Hallie v. Eau Claire, 471 U.S. 34 (1985)

Town of Hallie v. City of Eau Claire

No. 82-1832

Argued November 26, 1984

Decided March 27, 1985

471 U.S. 34

Syllabus

Petitioners, unincorporated townships located in Wisconsin adjacent to respondent city, filed suit against respondent in Federal District Court, alleging that petitioners were potential competitors of respondent in the collection and transportation of sewage, and that respondent had violated the Sherman Act by acquiring a monopoly over the provision of sewage treatment services in the area and by tying the provision of such services to the provision of sewage collection and transportation services. Respondent refused to supply sewage treatment services to petitioners, but supplied the services to individual landowners in petitioners' areas if a majority of the individuals in the area voted by referendum election to have their homes annexed by respondent and to use its sewage collection and transportation services. The District Court dismissed the complaint, finding, inter alia, that Wisconsin statutes regulating the municipal provision of sewage services expressed a clear state policy to replace competition with regulation. The court concluded that respondent's allegedly anticompetitive conduct fell within the "state action" exemption to the federal antitrust laws established by Parker v. Brown, 317 U. S. 341. The Court of Appeals affirmed.

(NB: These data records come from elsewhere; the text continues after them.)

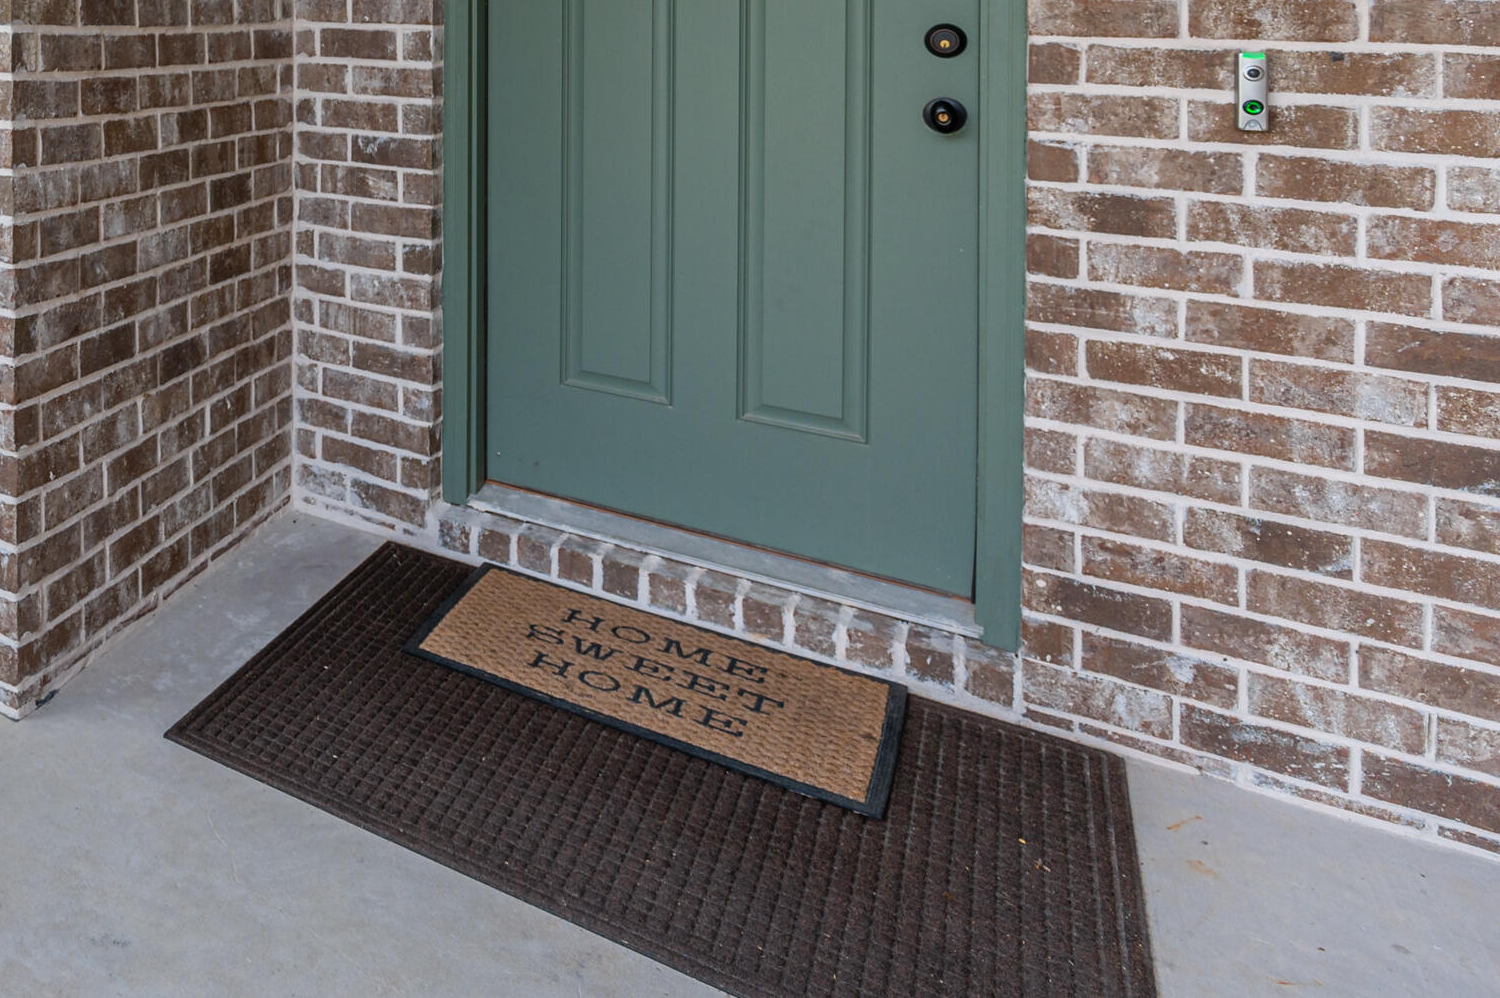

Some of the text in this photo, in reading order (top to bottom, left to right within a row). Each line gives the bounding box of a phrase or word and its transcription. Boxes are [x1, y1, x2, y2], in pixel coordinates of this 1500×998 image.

[527, 624, 785, 715] SWEET
[562, 609, 769, 684] HOME
[528, 652, 749, 737] HOME
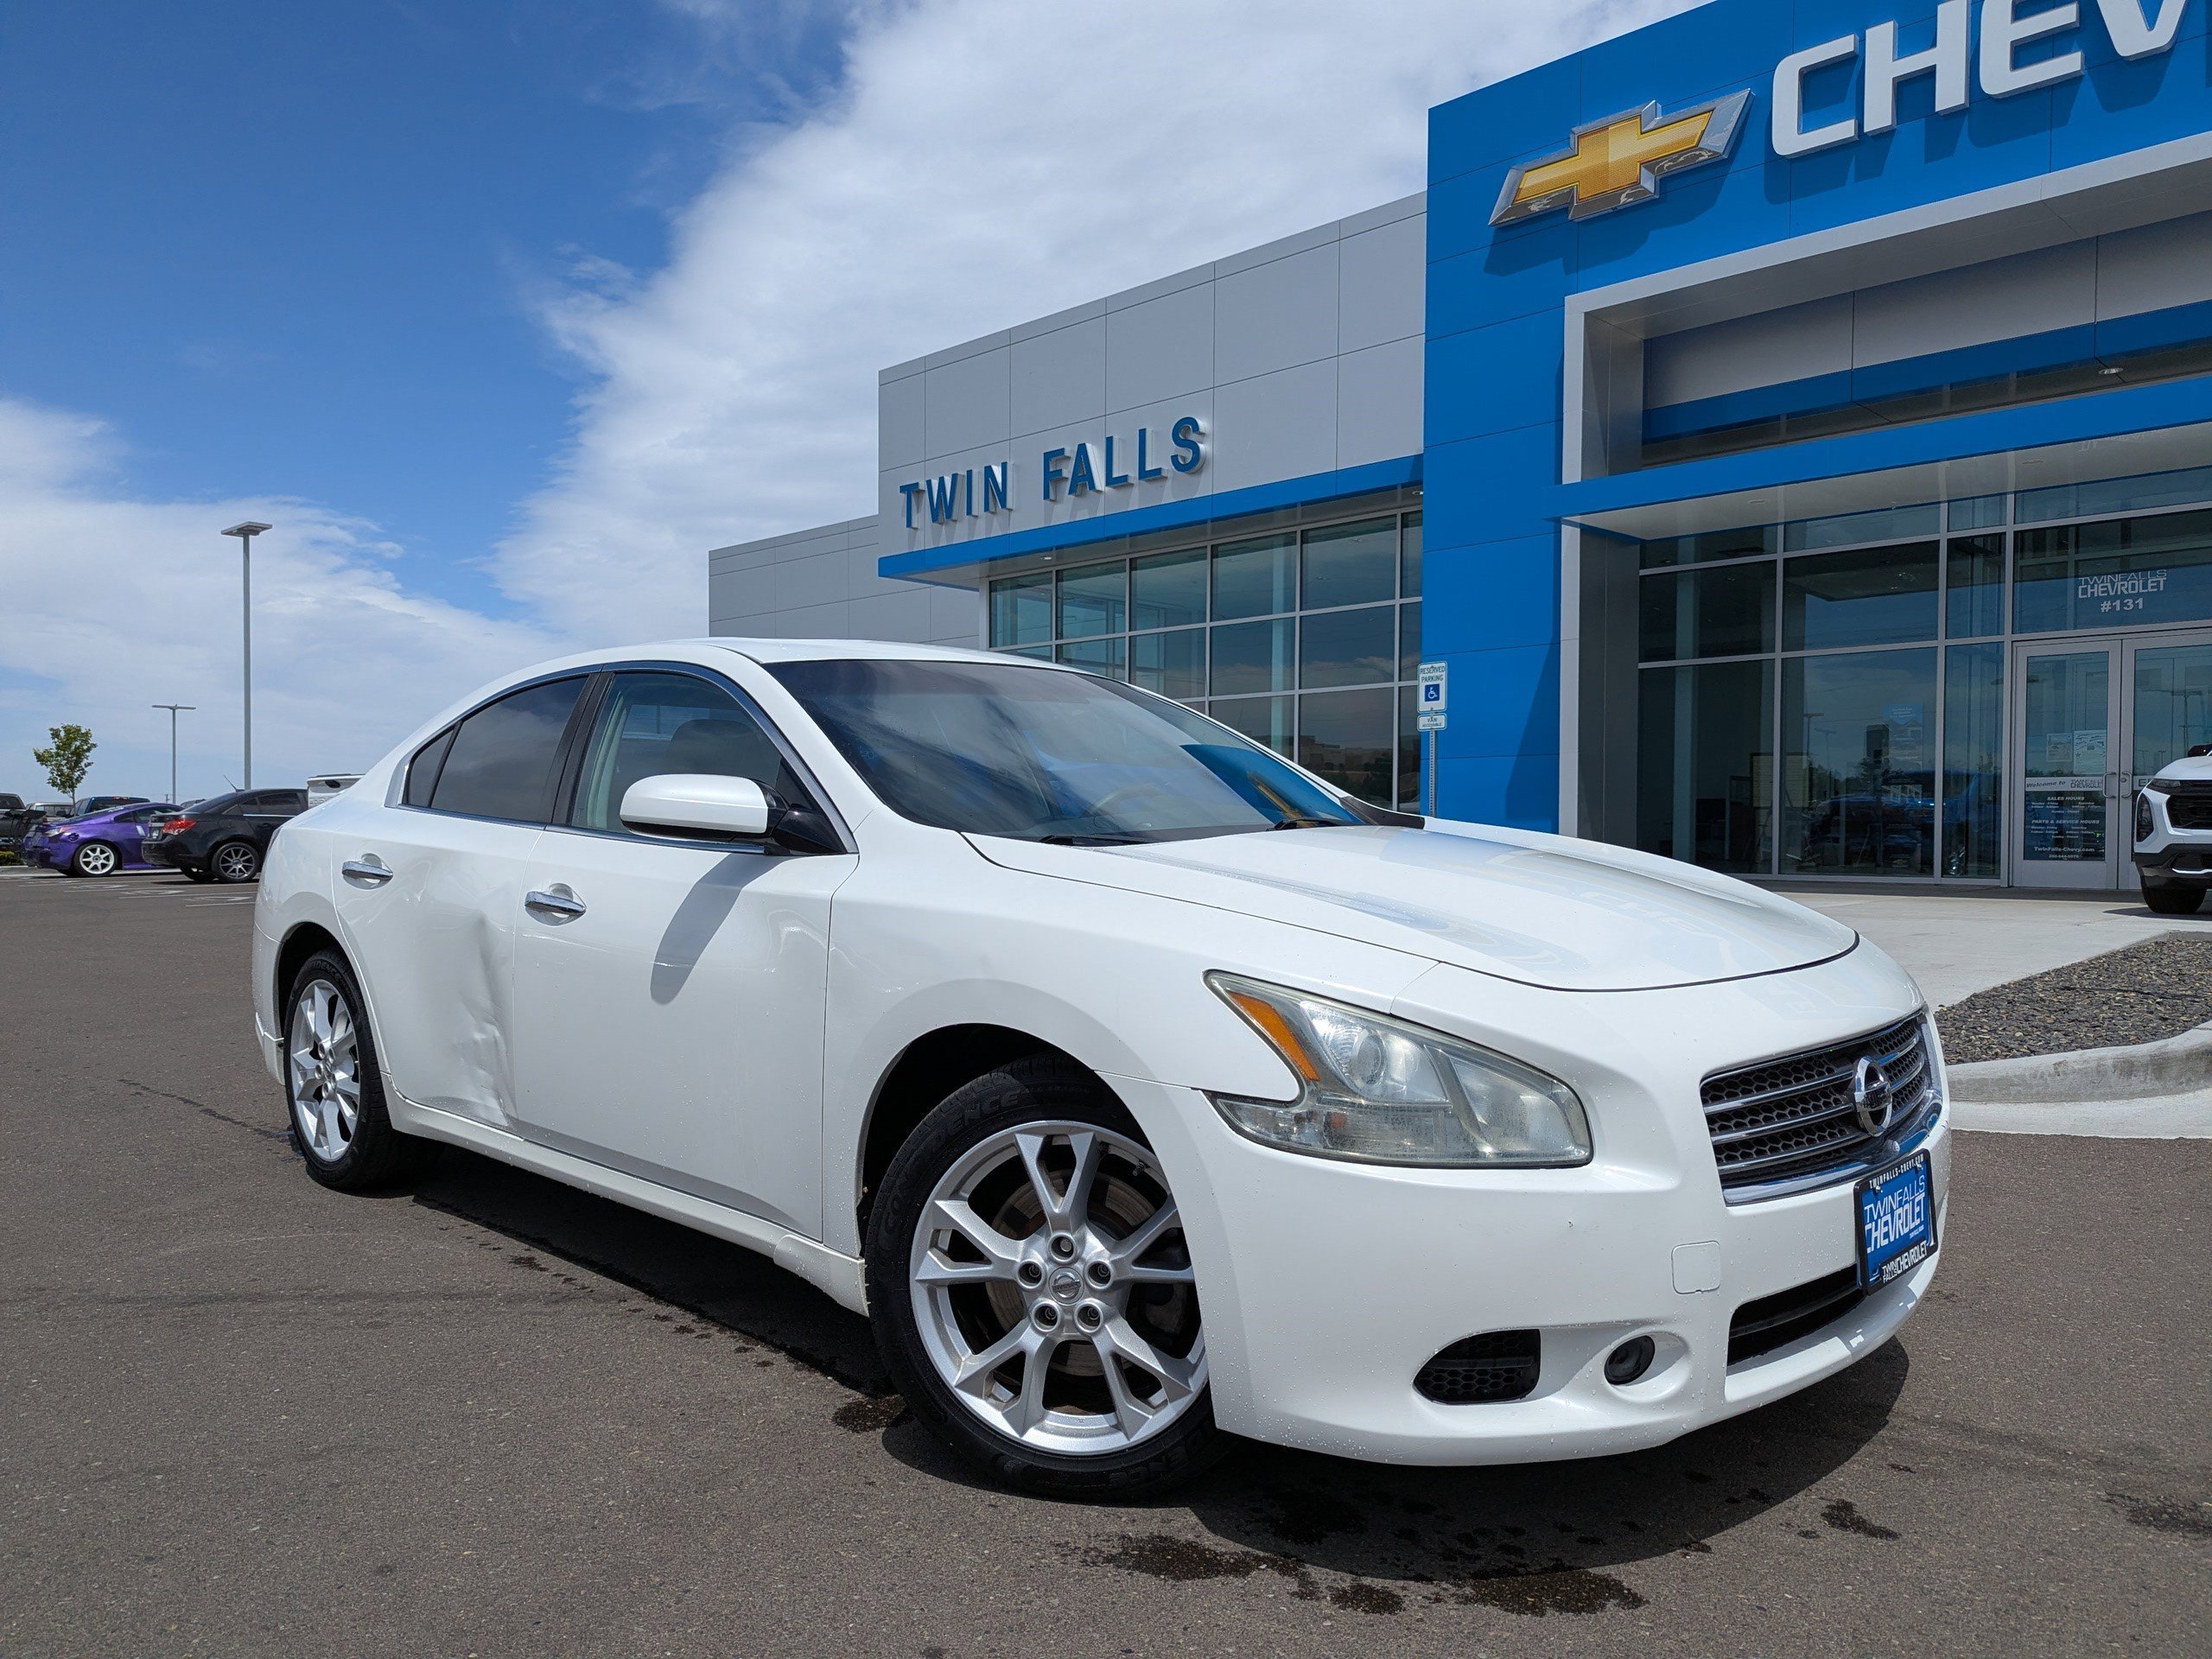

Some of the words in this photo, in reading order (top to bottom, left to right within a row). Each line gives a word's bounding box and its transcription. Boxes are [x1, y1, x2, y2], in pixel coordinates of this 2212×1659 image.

[899, 461, 1015, 530] TWIN
[1043, 416, 1207, 501] FALLS
[2078, 577, 2167, 599] CHEVROLET
[2101, 597, 2144, 613] #131
[1420, 665, 1446, 675] RESERVED
[1421, 674, 1444, 683] PARKING
[1865, 1192, 1926, 1254] CHEVROLET
[1895, 1240, 1928, 1274] CHEVROLET

Held: Respondent's anticompetitive activities are protected by the state action exemption to the federal antitrust laws. Pp. 471 U. S. 38-47.

(a) Before a municipality may claim the protection of the state action exemption, it must demonstrate that it is engaging in the challenged activity pursuant to a "clearly articulated" state policy. Lafayette v. Louisiana Power & Light Co., 435 U. S. 389. Pp. 471 U. S. 38-40.

(b) Wisconsin statutes grant authority to cities to construct and maintain sewage systems, to describe the district to be served, and to refuse to serve unannexed areas. The statutes are not merely neutral on state policy but, instead, clearly contemplate that a city may engage in anticompetitive conduct. To pass the "clear articulation" test, the legislature need not expressly state in a statute or the legislative history that it intends for the delegated action to have anticompetitive effects. The Wisconsin statutes evidence a clearly articulated state policy to displace competition with regulation in the area of municipal provision of sewage services. Pp. 40-44. chanrobles.com-red

Page 471 U. S. 35

(c) The "clear articulation" requirement of the state action test does not require that respondent show that the State "compelled" it to act. Although compulsion affirmatively expressed may be the best evidence of state policy, it is by no means a prerequisite to a finding that a municipality acted pursuant to clearly articulated state policy. Cantor v. Detroit Edison Co., 428 U. S. 579, and Goldfarb v. Virginia State Bar, 421 U. S. 773, distinguished. Pp. 471 U. S. 45-46.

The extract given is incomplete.